Thousands of Afghan mercenaries are believed to be helping America battle Al Qaeda, the Taliban, and their allies. But they're accused of flagrant human rights abuses.
With his broad cheekbones, hair swept back under a sequined cap, and the gentle manner of a well-to-do Pashtun, Atal Afghanzai might easily pass for a doctor or an engineer.
Instead, his career path led into a cloak-and-dagger world of covert armies and foreign agents, until a rare lethal run-in with an Afghan police chief landed him on death row in Kabul’s most notorious prison.
Young and motivated, Mr. Afghanzai is one of thousands of Afghan mercenaries believed to be working with the CIA to help America battle Al Qaeda, the Taliban, and their allies. His story – confirmed by US diplomats, other Western officials, and Afghan authorities – illustrates the military advantages of this secret war. But, with the US poised to ramp up reliance on paramilitaries like Afghanzai as it pulls out frontline troops, the practice is raising the ire of Afghans who accuse the groups of human rights abuses.
Speaking from Pul-i-Charki prison, where he is appealing a murder conviction, Afghanzai described how the elite group he once led, that was raised by and answered to the CIA, launched raids on Taliban targets at a moment’s notice.

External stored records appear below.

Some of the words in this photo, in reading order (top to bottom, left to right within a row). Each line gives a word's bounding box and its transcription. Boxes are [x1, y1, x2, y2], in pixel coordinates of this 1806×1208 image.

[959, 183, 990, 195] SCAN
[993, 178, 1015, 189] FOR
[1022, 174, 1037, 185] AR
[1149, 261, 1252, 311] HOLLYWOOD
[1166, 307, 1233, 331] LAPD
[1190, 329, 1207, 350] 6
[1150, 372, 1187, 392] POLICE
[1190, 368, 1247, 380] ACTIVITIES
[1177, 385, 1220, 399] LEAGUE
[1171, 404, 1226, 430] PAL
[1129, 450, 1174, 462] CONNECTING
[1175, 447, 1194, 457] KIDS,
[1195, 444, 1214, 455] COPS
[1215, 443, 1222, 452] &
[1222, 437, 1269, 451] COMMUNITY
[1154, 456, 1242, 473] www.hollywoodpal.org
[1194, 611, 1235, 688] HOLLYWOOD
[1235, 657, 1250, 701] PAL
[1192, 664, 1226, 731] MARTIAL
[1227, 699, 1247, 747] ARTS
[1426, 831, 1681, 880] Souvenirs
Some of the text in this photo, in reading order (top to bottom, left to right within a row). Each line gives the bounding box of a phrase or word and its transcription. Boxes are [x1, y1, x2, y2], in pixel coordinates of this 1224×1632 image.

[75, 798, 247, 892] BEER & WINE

Recruits were cherry-picked from regular Afghan Army units and trained by US Special Operations Forces at a place called Camp Gecko, he says. Blackhawk helicopters would deliver them to targets in neighboring Zabul and Uruzgan provinces, and Afghan President Hamid Karzai even sent the strike force letters of thanks after successful missions.
When troops leave, what's left?
Part of the job description for Americans left behind after 2014, in the words of the US government’s latest counterterrorism strategy document, will be tackling Al Qaeda and its adherents by using covert tactics that go “beyond traditional intelligence, military, and law enforcement functions.”

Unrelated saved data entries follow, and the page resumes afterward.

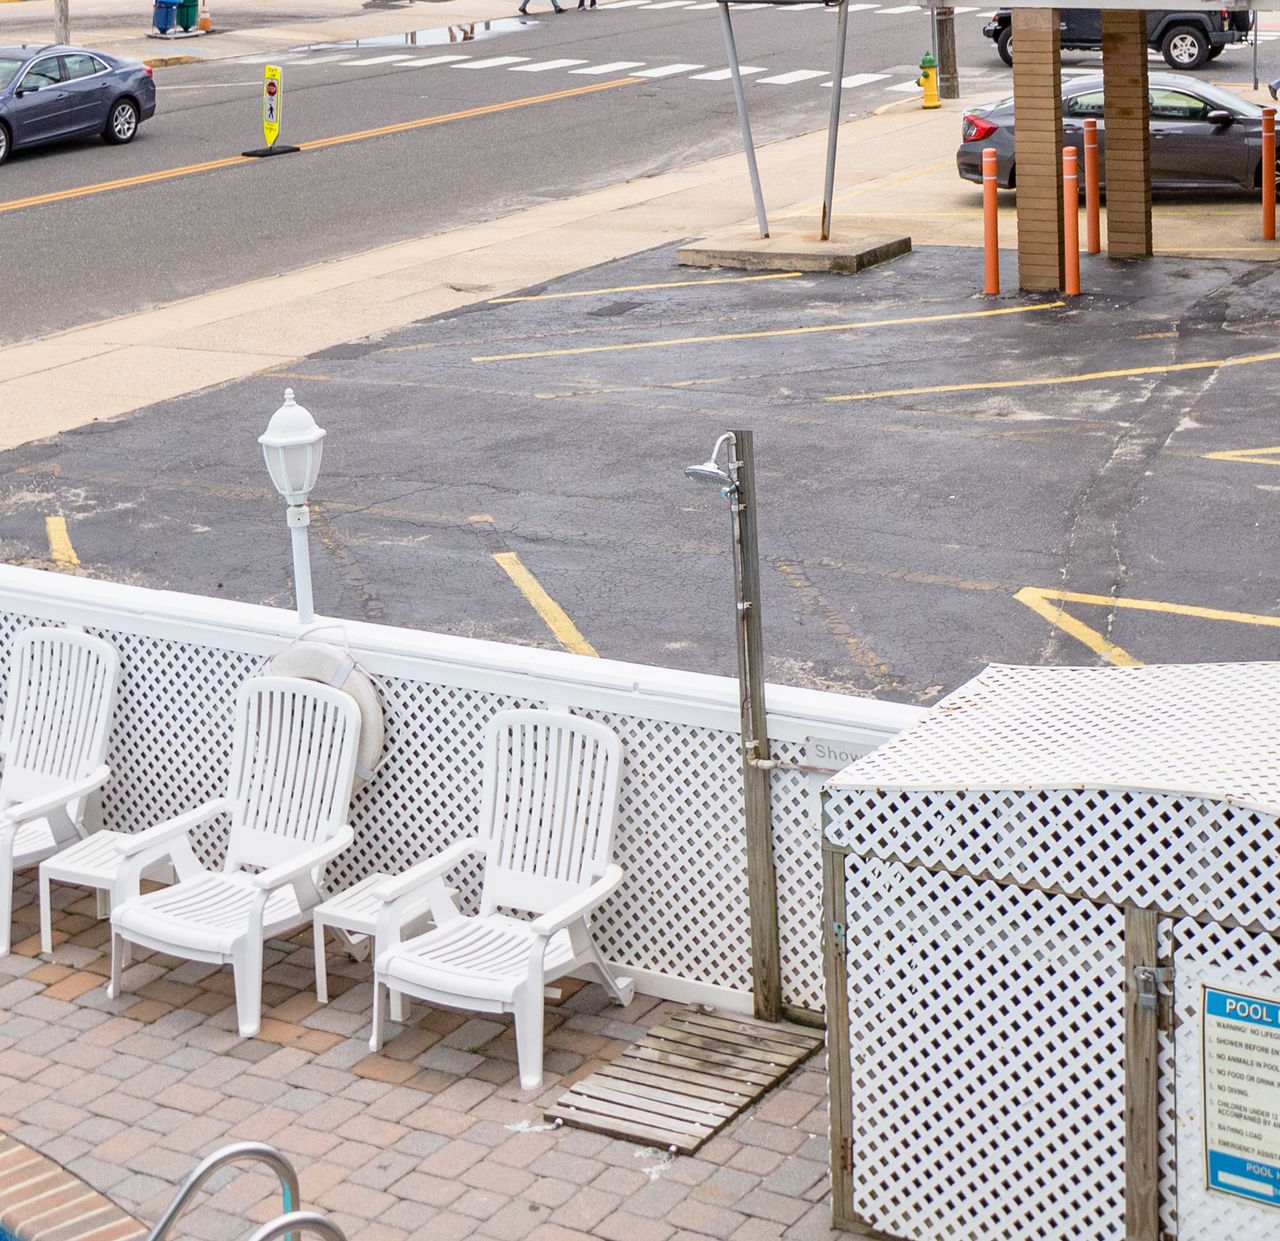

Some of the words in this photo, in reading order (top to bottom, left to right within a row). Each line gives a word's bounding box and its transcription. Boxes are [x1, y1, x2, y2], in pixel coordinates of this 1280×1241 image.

[1225, 998, 1273, 1023] POOL
[1216, 1021, 1248, 1033] WARNING!
[1250, 1028, 1259, 1036] NO
[1216, 1037, 1243, 1048] SHOWER
[1245, 1044, 1269, 1054] BEFORE
[1216, 1053, 1226, 1061] NO
[1227, 1055, 1254, 1067] ANIMALS
[1263, 1063, 1280, 1073] POOL
[1216, 1068, 1226, 1077] NO
[1227, 1071, 1245, 1080] FOOD
[1246, 1074, 1255, 1083] OR
[1256, 1077, 1275, 1088] DRINK
[1217, 1084, 1226, 1092] NO
[1217, 1099, 1248, 1113] CHILDREN
[1249, 1108, 1270, 1118] UNDER
[1217, 1108, 1262, 1124] ACCOMPANIED
[1263, 1118, 1271, 1126] BY
[1218, 1123, 1244, 1136] BATHING
[1245, 1130, 1263, 1141] LOAD
[1218, 1139, 1255, 1154] EMERGENCY
[1246, 1162, 1274, 1179] POOL
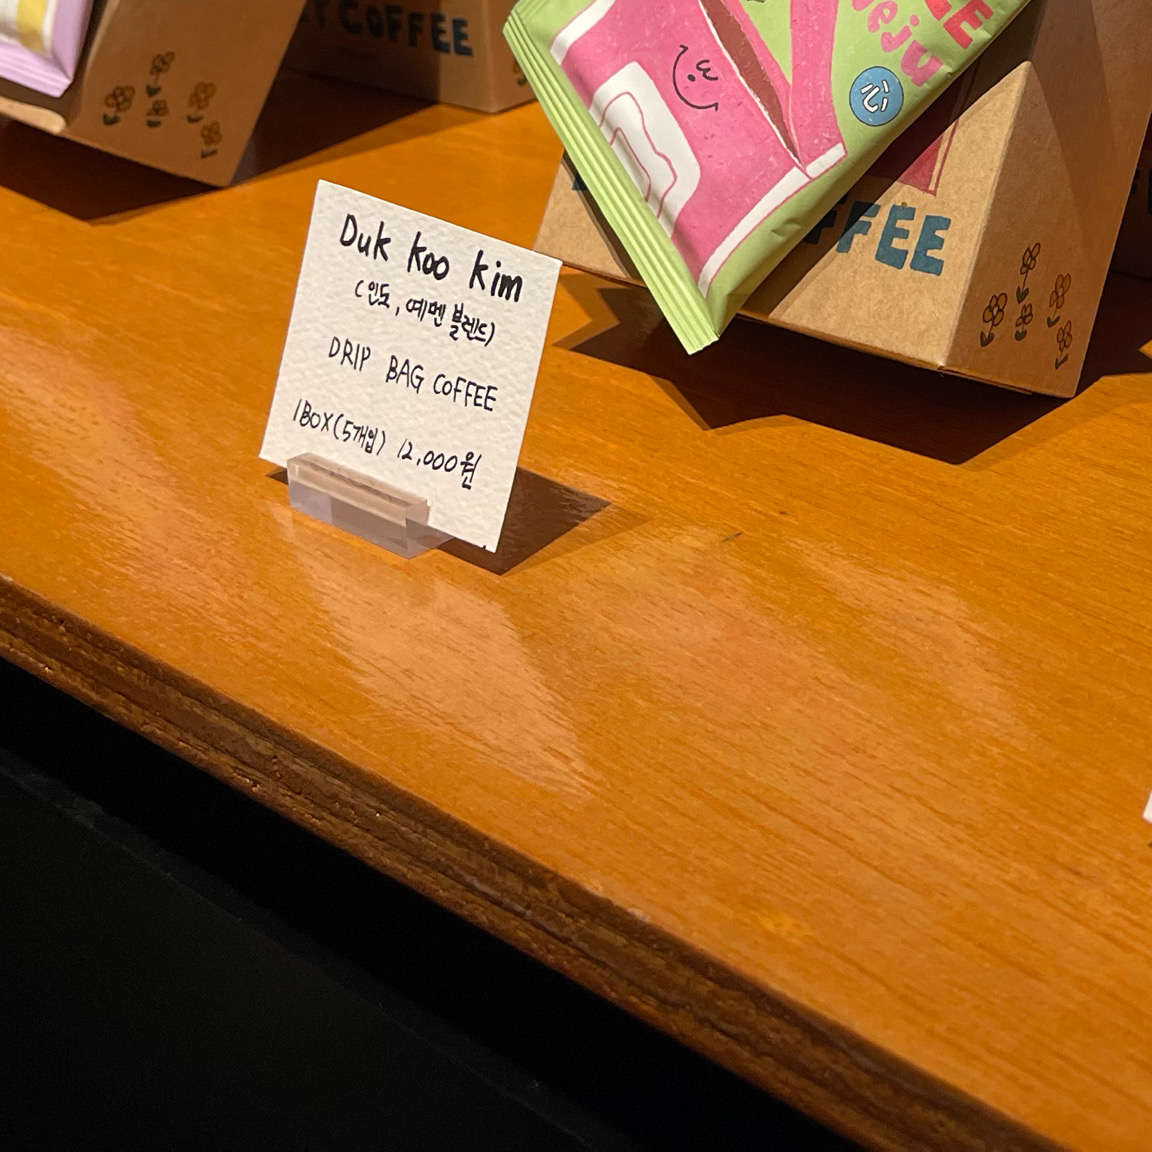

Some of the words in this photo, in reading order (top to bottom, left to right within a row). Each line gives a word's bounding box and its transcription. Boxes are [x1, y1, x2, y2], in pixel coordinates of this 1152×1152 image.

[340, 214, 391, 262] Duk
[405, 298, 446, 326] 예멘
[328, 336, 371, 371] DRIP
[386, 355, 424, 394] BAG
[433, 374, 498, 411] COFFEE
[397, 439, 482, 490] 12,000원

Security analysts say that the practice of raising paramilitary units, trained by US Special Operations Forces, run and funded by the CIA, and working closely with local intelligence officials, fits that bill perfectly.

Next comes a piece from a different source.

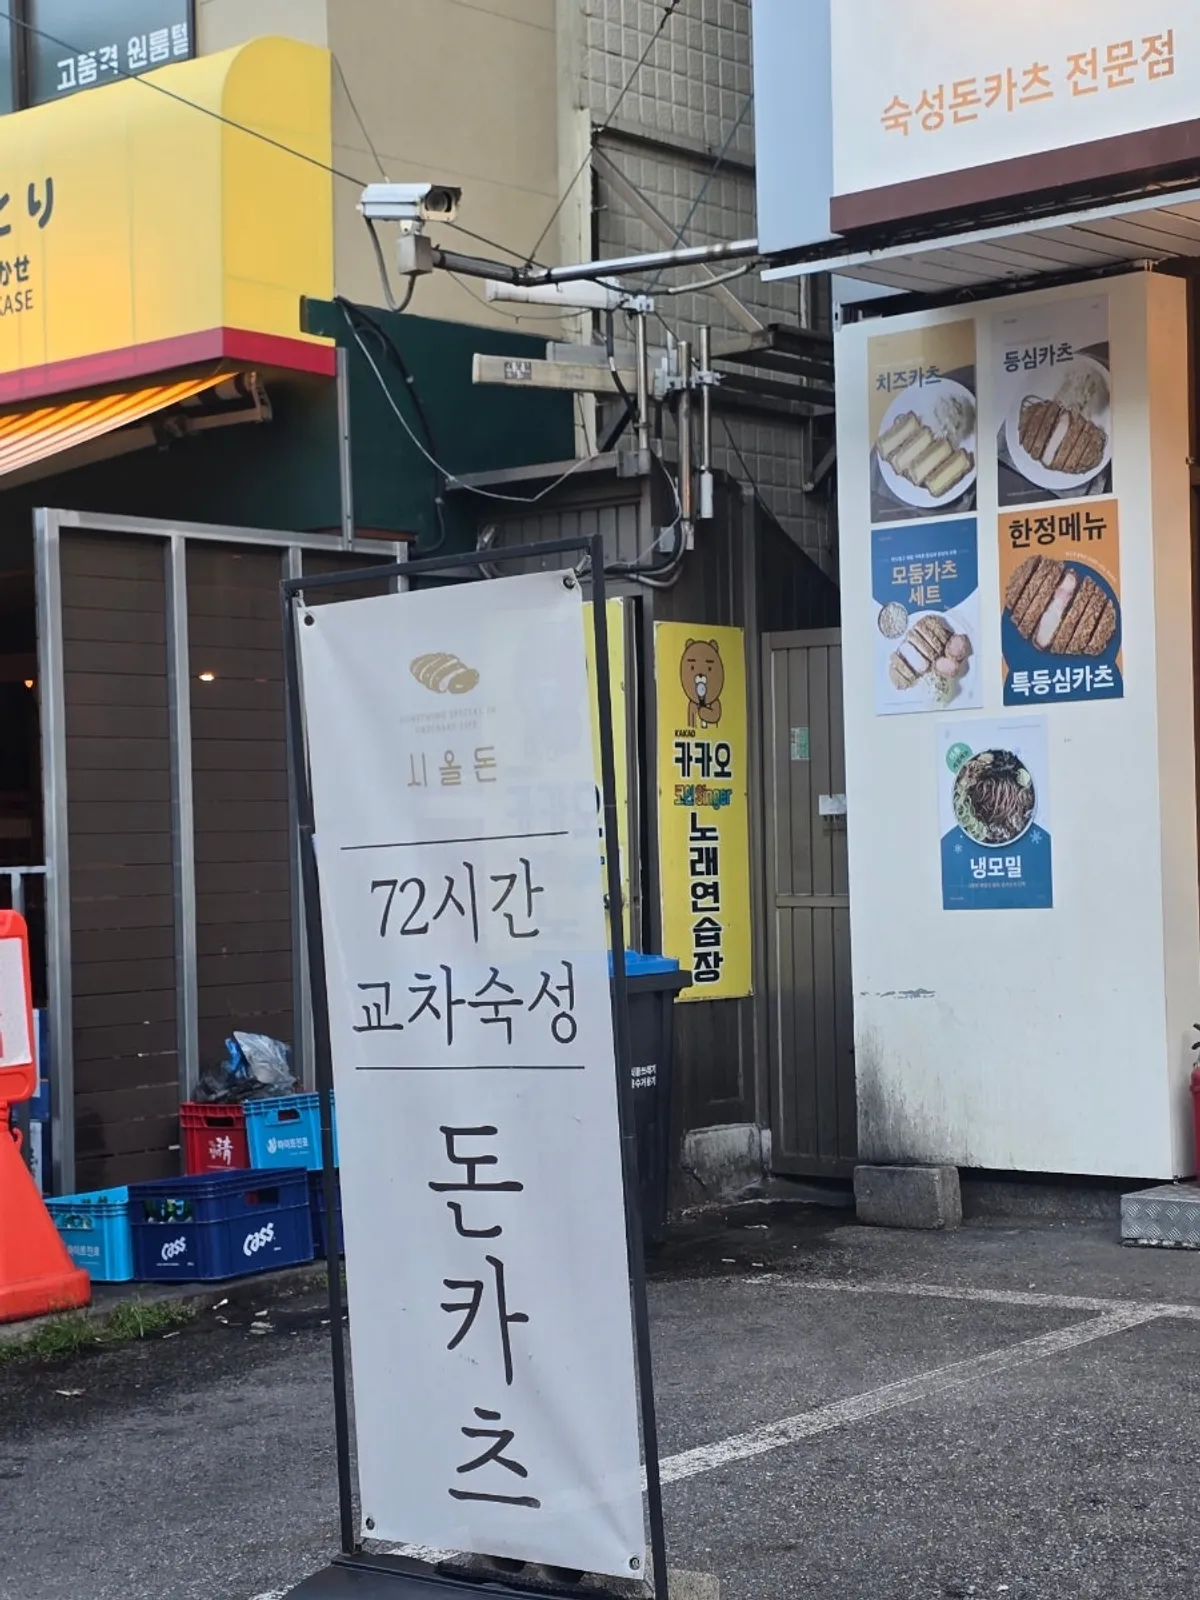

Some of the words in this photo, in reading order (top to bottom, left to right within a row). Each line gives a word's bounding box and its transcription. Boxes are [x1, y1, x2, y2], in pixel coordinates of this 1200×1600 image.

There is, however, a down side to this light-footprint, low-visibility warfare.
Militias are not popular in Afghanistan. They stand accused of murder, rape, and extortion across the country.
In 2009, one of Afghanzai’s comrades was detained. It sparked a shootout that killed Kandahar’s provincial police chief, the head of the province’s criminal investigations department, and several more officers. Afghanzai and 40 of his men were convicted of murder and then imprisoned. It was a rare example of the Afghan judiciary coming down on a US bankrolled mercenary – and likely only happened because Afghanzai and his men killed a well-connected Afghan Police commander in broad daylight.
Other allegations of wrongdoing, such as armed robbery, have been impossible to properly investigate because of the group’s clandestine nature and connections.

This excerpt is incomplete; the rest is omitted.